Posts or Comments 29 March 2024

Case Management &Health Workers &Training Bill Brieger | 08 Nov 2017 10:35 am

Health provider orientation to national malaria case management guidelines in regional hospitals in Burkina Faso

Good clinical practice in managing malaria requires awareness and understanding of national case management guidelines. Moumouni Bonkoungou, Ousmane Badolo, and Thierry Ouedraogo of Jhpiego in Collaboration with the National Malaria Control Program and sponsorship from the “Improving Malaria Care” project of USAID/PMI explain how health workers in Burkina Faso were oriented to the national guidelines at the 66th Annual Meeting of the American Society of Tropical Medicine and Hygiene. They have found that short orientations are less expensive and reach more health workers that traditional training sessions.

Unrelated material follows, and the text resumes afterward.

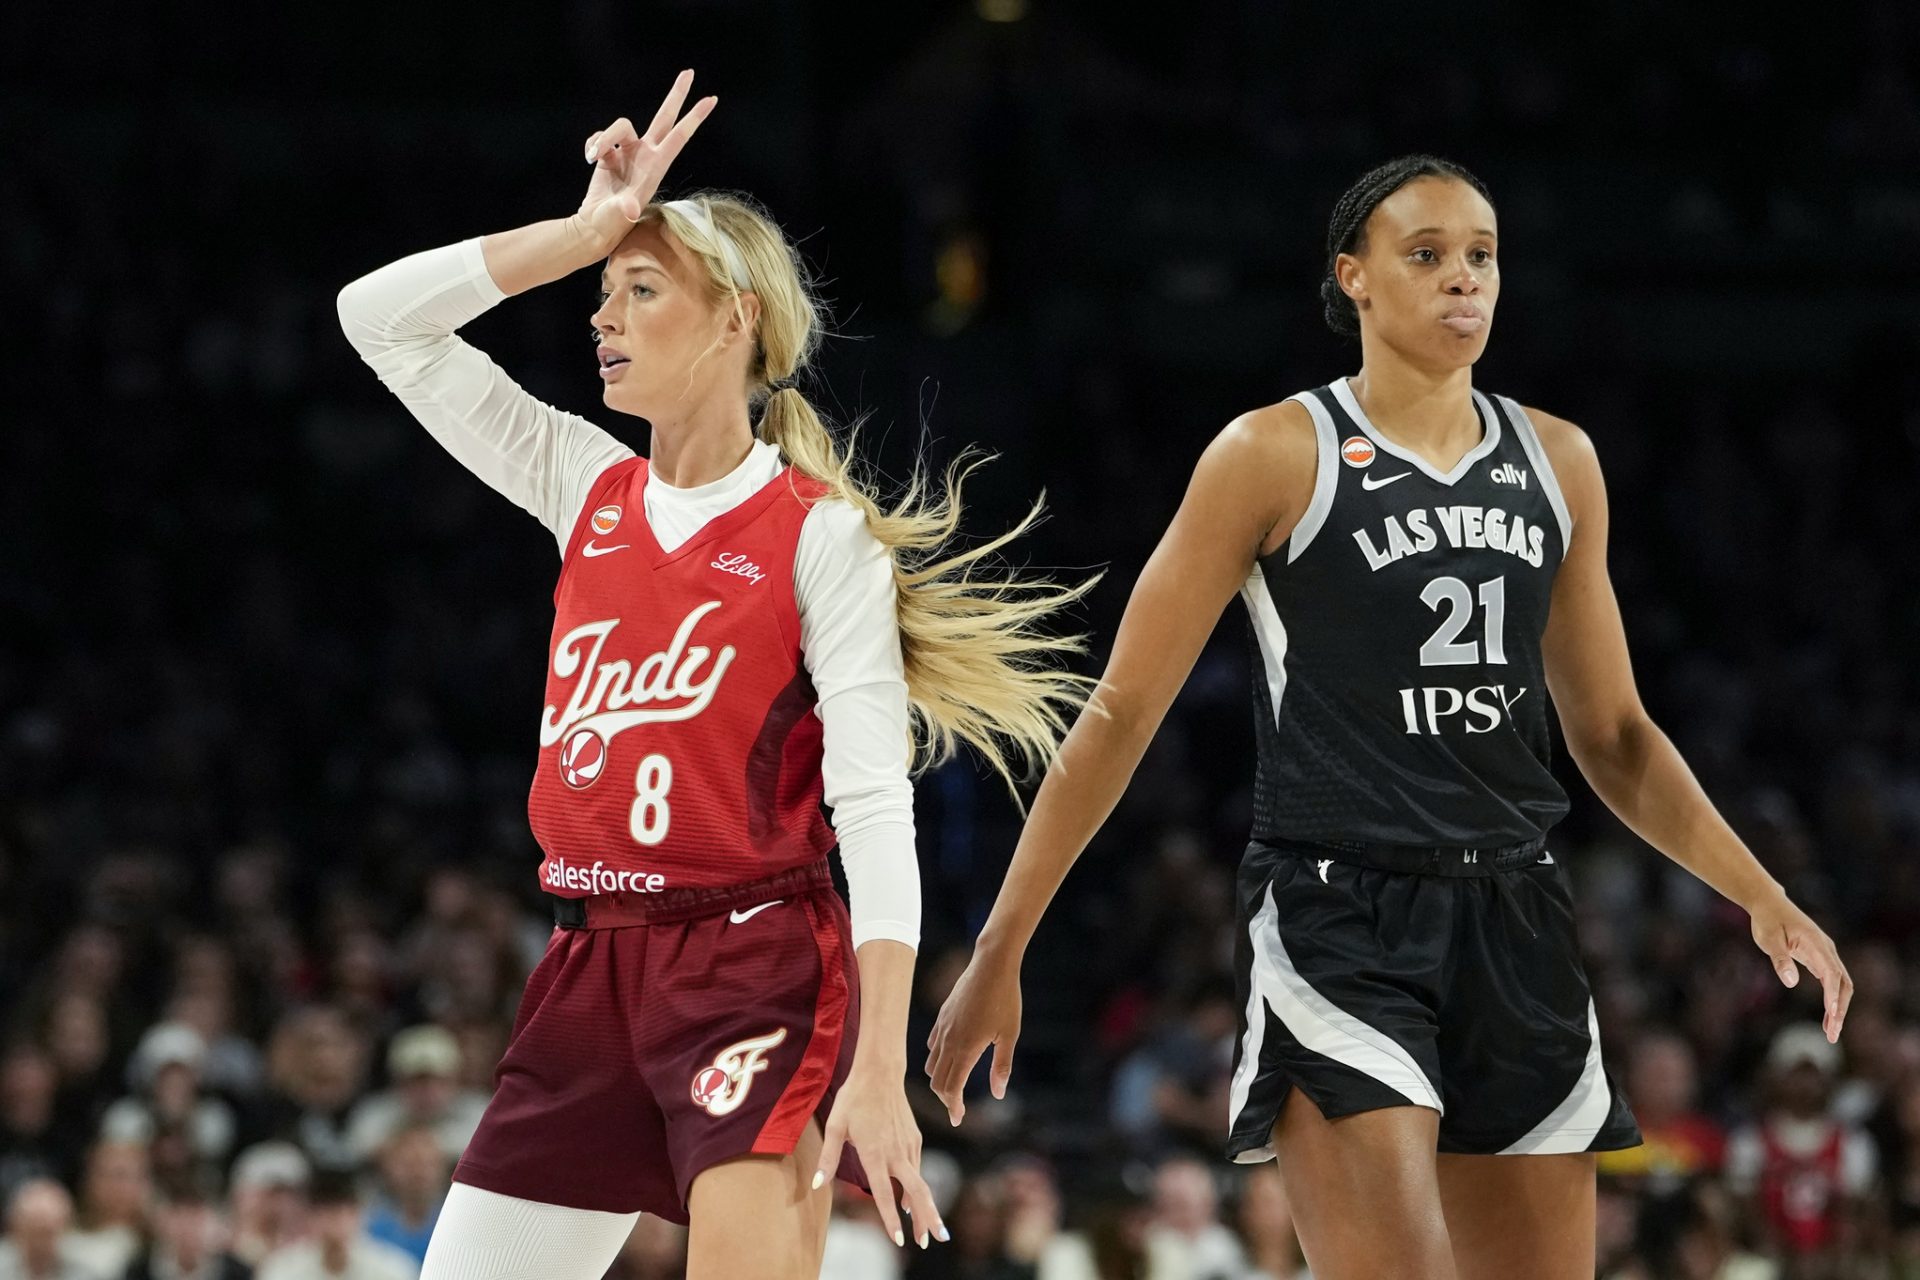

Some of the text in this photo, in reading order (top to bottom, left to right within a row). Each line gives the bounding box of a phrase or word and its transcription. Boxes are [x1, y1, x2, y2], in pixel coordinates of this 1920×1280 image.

Malaria remains the leading cause of consultations, hospitalization and death in health facilities in Burkina Faso. In 2015, 23,634 cases of severe malaria were recorded in hospitals with 1,634 deaths, a mortality rate of 7% at this level compared to 1% nationally. Since April 2014, 1,819 providers from 49 districts have been trained in malaria case management, specifically at the first level (health center – CSPS). Conversely, at referral centers – medical centers with surgical units (CMA), regional hospitals (CHR) and university hospitals (CHU) – providers are not well educated on the new WHO guidelines for malaria prevention and case management.

Health worker orientation session

This situation led the United States Agency for International Development-supported Improving Malaria Care (IMC) project and the National Malaria Control Program (NMCP) to organize orientation sessions for providers in 8 CHR in September 2016. The sessions were conducted by trainers at the national level, supported by clinicians from hospitals including pediatricians and gynecologists.

A total of 298 health workers were oriented, including 24 physicians, 157 nurses, 56 midwives, as well as pharmacists and laboratory technicians. 39% of participants were female and 43% have less than 5 years of service in these hospitals. The sessions have provided participants with an opportunity to familiarize themselves with the new guidelines for malaria prevention and case management.

The orientations have also made it possible to identify the difficulties encountered by referral structures in malaria case management, which include: insufficient staff, inadequate capacity building, no blood bank in some hospitals, reagent stock-outs, inadequacies in the referral system, and insufficient equipment.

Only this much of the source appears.